#sable_bitumineux

  • Total investit massivement au Canada #tarsands
    L’annonce, jeudi 31 octobre, des résultats trimestriels de Total, avec un bénéfice net en recul sous l’effet de coûts d’exploration élevés et d’une activité de raffinage en difficulté en Europe, a coïncidé avec l’annonce d’un nouvel investissement majeur. Le groupe va débourser plus de 5 milliards de dollars canadiens (3,5 milliards d’euros) dans les sables bitumineux au Canada. C’est le deuxième investissement en quelques jours pour le géant français du pétrole.

    Un peu plus d’une semaine après avoir remporté, le 22 octobre, l’enchère pour le plus grand gisement pétrolier offshore du Brésil, celui, présalifère, de Libra au sein d’un consortium rassemblant également Shell, Petrobras et les chinois CNPC et CNOO, le groupe français se relance au Canada. Ce pays est devenu en quelques années un nouvel acteur pétrolier de premier plan grâce à ses ressources non conventionnelles que constituent les sables bitumineux, très décriés du point de vue de l’environnement et dont l’exploitation est régulièrement dénoncée. Il permet une diversification géographique à Total, particulièrement implanté en Afrique et au Moyen-Orient, sa terre de naissance.

    Au Canada, Total va s’associer avec le canadien Suncor et le minier Teck, dans une société commune, Fort Hills Energy, dont il détiendra 39,2 % du capital, pour exploiter les sables de Fort Hills, en Alberta. C’est avec Suncor que le groupe français avait déjà investi dans un projet d’usine destinée à fluidifier des schistes bitumineux. Coûteux, ce projet était rapidement apparu comme non rentable sous l’effet d’un pétrole de schiste bon marché rendant plus compétitive une technique alternative de dilution. La facture s’était élevée à 1,6 milliard de dollars canadiens.

    « GAGE D’UNE CROISSANCE DE LA PRODUCTION À LONG TERME »

    Avec 3 milliards de barils estimés, le projet de Fort Hills ne représente pas un potentiel comparable à Libra et ses 10 milliards de barils. Sa production qui pourrait atteindre 180 000 barils par jour à partir de 2017, sur une période de cinquante ans, est cependant cruciale pour le groupe pétrolier pour maintenir l’objectif d’une production globale de 3 millions de barils par jour, un seuil psychologique auquel Total est attaché. « C’est le gage d’une croissance de la production à long terme », estime l’analyste indépendant Aymeric de Villaret.

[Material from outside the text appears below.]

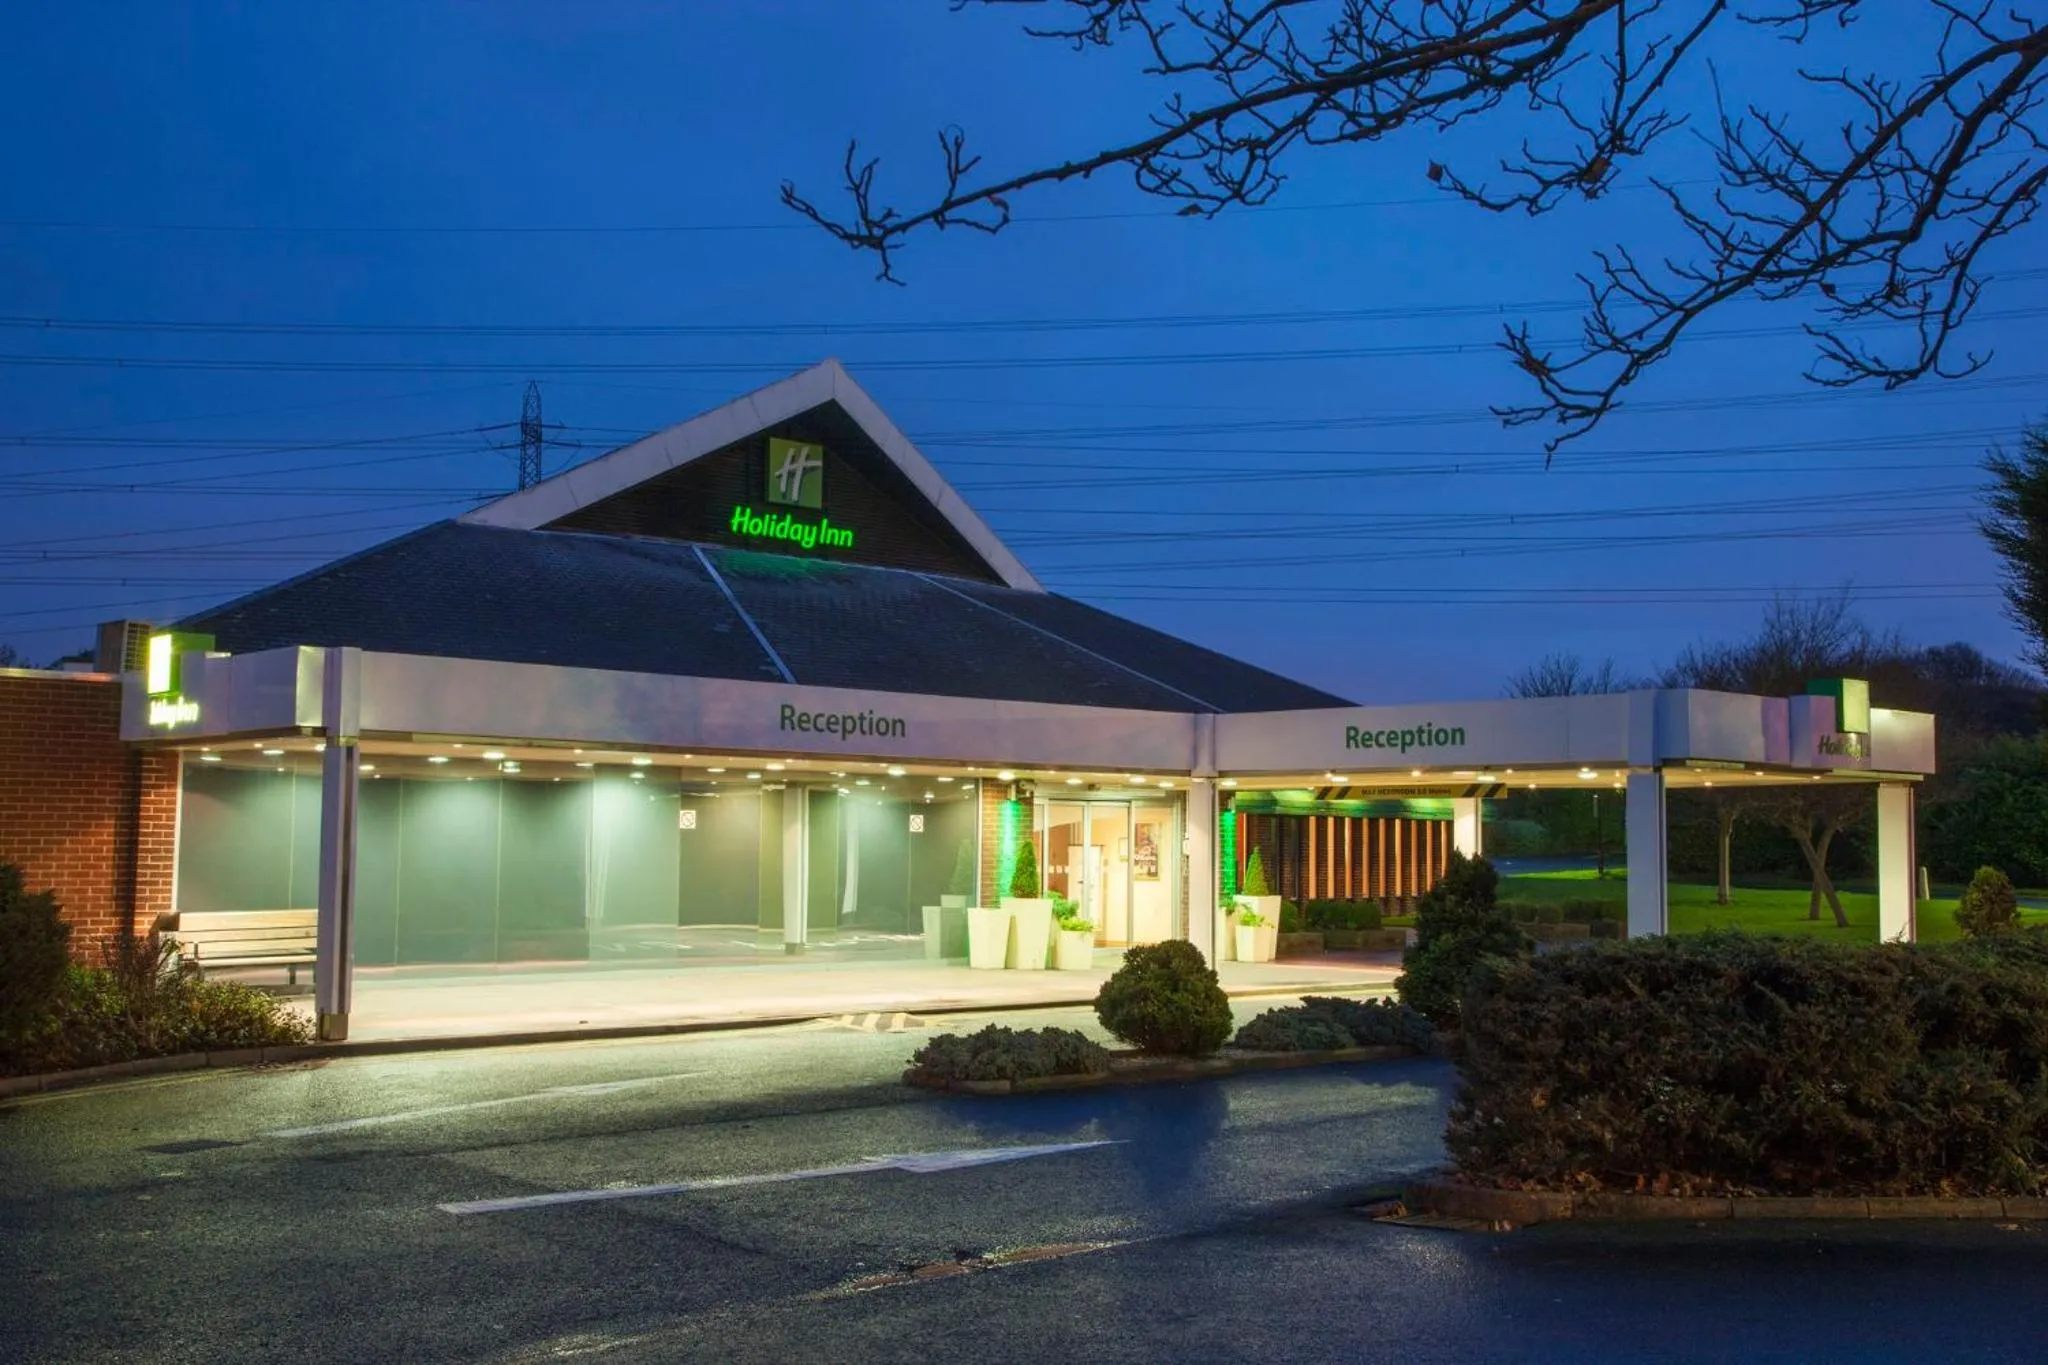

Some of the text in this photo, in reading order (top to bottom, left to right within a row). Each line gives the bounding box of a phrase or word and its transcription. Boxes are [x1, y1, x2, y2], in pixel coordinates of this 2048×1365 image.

[731, 505, 854, 549] Holiday Inn
[780, 703, 906, 741] Reception
[1345, 721, 1465, 754] Reception

    Le pétrole produit en Alberta doit être exporté par un oléoduc qui devrait être réalisé par la société Enbridge, retenue par le groupe Fort Hills Energy, mais qui doit encore obtenir les autorisations nécessaires. Dans le contexte du blocage aux Etats-Unis, pour des raisons politiques, du projet géant Keystone XL, destiné à relier l’Alberta au Golfe du Mexique, une société canadienne, TransCanada, a par ailleurs annoncé, en août, le lancement d’un projet d’oléoduc, d’un coût de 12 milliards de dollars canadiens, pour acheminer le pétrole de l’Alberta sur la côte atlantique.

    Cette perspective suscite la colère des écologistes canadiens qui ont assuré tout mettre en oeuvre pour la faire échouer. L’acceptabilité de Fort Hills sera sans doute également un enjeu pour le consortium Fort Hills energy. Total mise sur les progrès de la technologie pour réduire les atteintes à l’environnement associées à l’exploitation des sables bitumineux, qui représentent également un coût, mais il aura fort à faire pour convaincre les scientifiques ou les prix Nobel qui se sont exprimés contre le recours à cette ressource et qui ont notamment invité l’Union européenne à interdire l’importation de pétrole issu de cette exploitation.

    RÉSULTAT NET EN RECUL

    Au cours des derniers mois, la suractivité de Total et la multiplication de ses investissements ont pu susciter les interrogations. S’il reste encore dans les cartons du groupe français des projets ambitieux et coûteux, comme le projet d’usine de liquéfaction de gaz en Sibérie Yamal LNG, les décisions prises au Brésil et au Canada pourraient néanmoins être le prélude à un rythme moins soutenu d’investissements.

    De fait, selon les chiffres rendus publics mercredi matin, le résultat net ajusté du troisième trimestre de Total est en recul de 19 % en euros, et de 14 % en dollars alors que dans le même temps son concurrent Shell annonce une chute de 35 %. Le groupe anglo-néerlandais s’estime notamment pénalisé par des détournements de production alors que Total voit au contraire la production augmenter pour le deuxième trimestre et son ratio d’endettement baisser à 23 %.

    Total dit payer au troisième trimestre le prix d’une politique d’exploration particulièrement agressive qui pèse sur ses charges. Il est enfin pénalisé, comme Shell, par le marasme du secteur du raffinage en Europe où les marges ont été divisées par cinq au cours des derniers mois. Le groupe français mise sur ses réorganisations internes, le rapprochement du raffinage et de la pétrochimie, pour limiter les dégâts. Dans ce contexte d’entre-deux, Total a enfin choisi de laisser inchangé le montant de l’acompte sur dividende au troisième trimestre.

    Gilles Paris

    Une extraction polluante

    Ressource non conventionnelle. Le sable bitumineux est un mélange de pétrole brut, de sable, d’argile et d’eau. L’obtention de brut de synthèse requiert l’extraction du bitume par des procédés qui utilisent beaucoup d’eau, puis sa conversion chimique. Ces opérations génèrent trois fois plus de gaz à effet de serre que la production de pétrole classique.

    Réserves. Les principales réserves de sables bitumineux se situent en Alberta (Canada) et dans le bassin du fleuve Orénoque, au Venezuela.

    Le Canada, acteur pétrolier. Les sables bitumineux ont placé, fin 2009, le Canada au 2e rang mondial pour les réserves prouvées de pétrole, derrière l’Arabie saoudite.